§ Your objective
Reproduce all of the data exactly. Images are not to appear in the reply.
====== Data ======
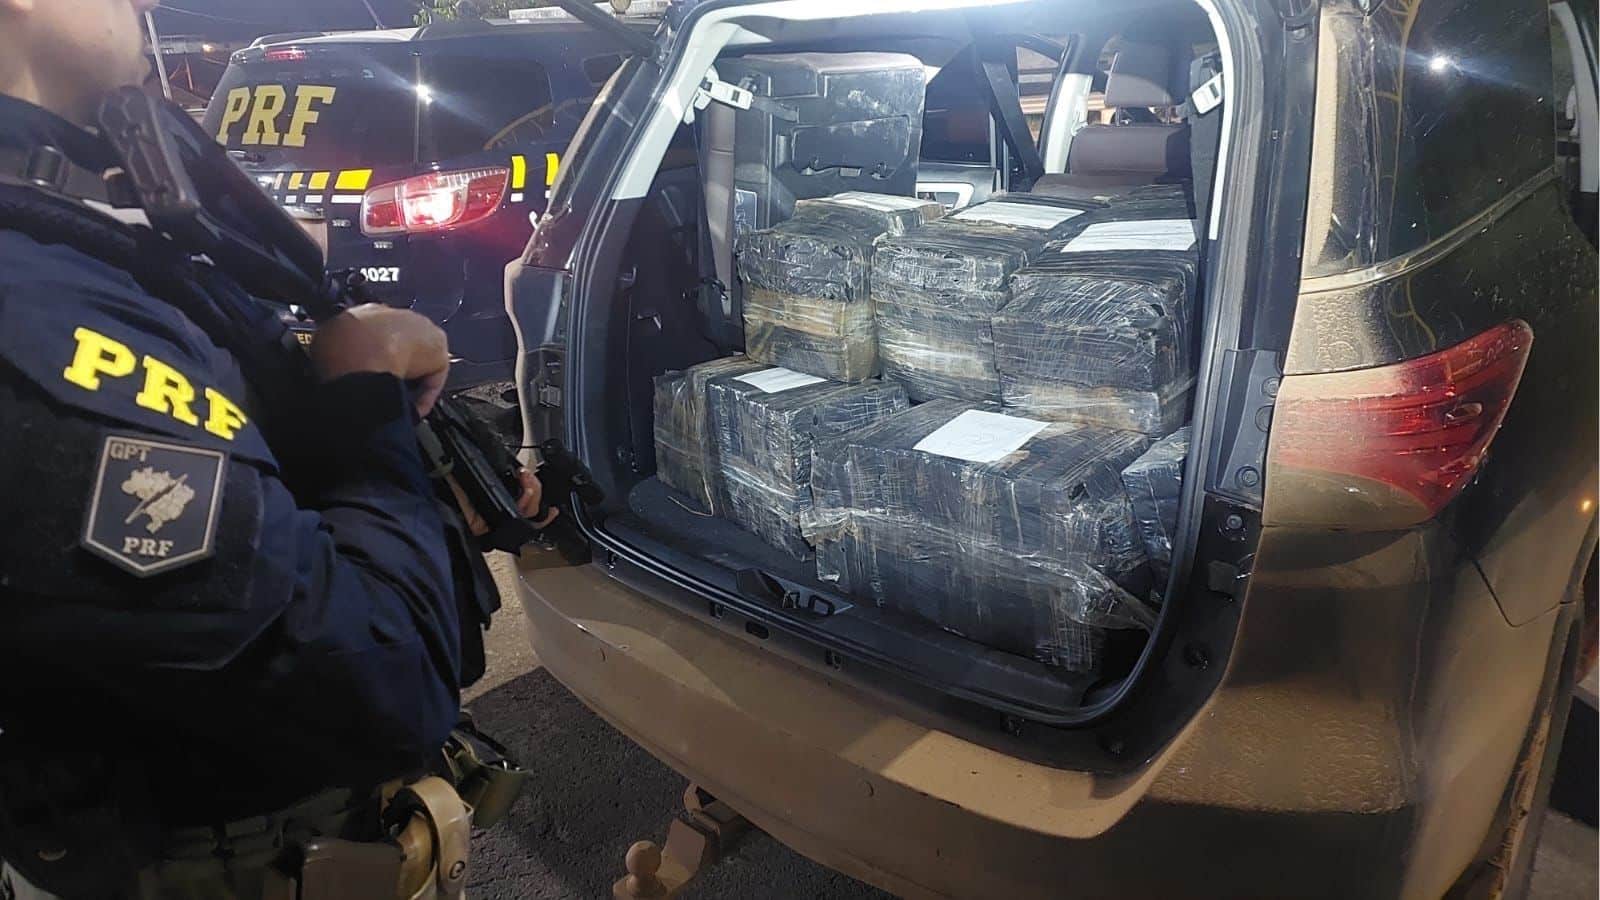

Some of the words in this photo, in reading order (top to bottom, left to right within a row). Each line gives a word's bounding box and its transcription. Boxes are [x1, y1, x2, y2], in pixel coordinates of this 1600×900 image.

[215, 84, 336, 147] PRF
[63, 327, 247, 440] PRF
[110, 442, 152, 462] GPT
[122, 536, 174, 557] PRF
======
§ Result
Some of the words in this photo, in reading order (top to bottom, left to right within a row). Each line gives a word's bounding box and its transcription. Boxes are [x1, y1, x2, y2], in pixel coordinates of this 1600×900 image.

[215, 84, 336, 147] PRF
[63, 327, 247, 440] PRF
[110, 442, 152, 462] GPT
[122, 536, 174, 557] PRF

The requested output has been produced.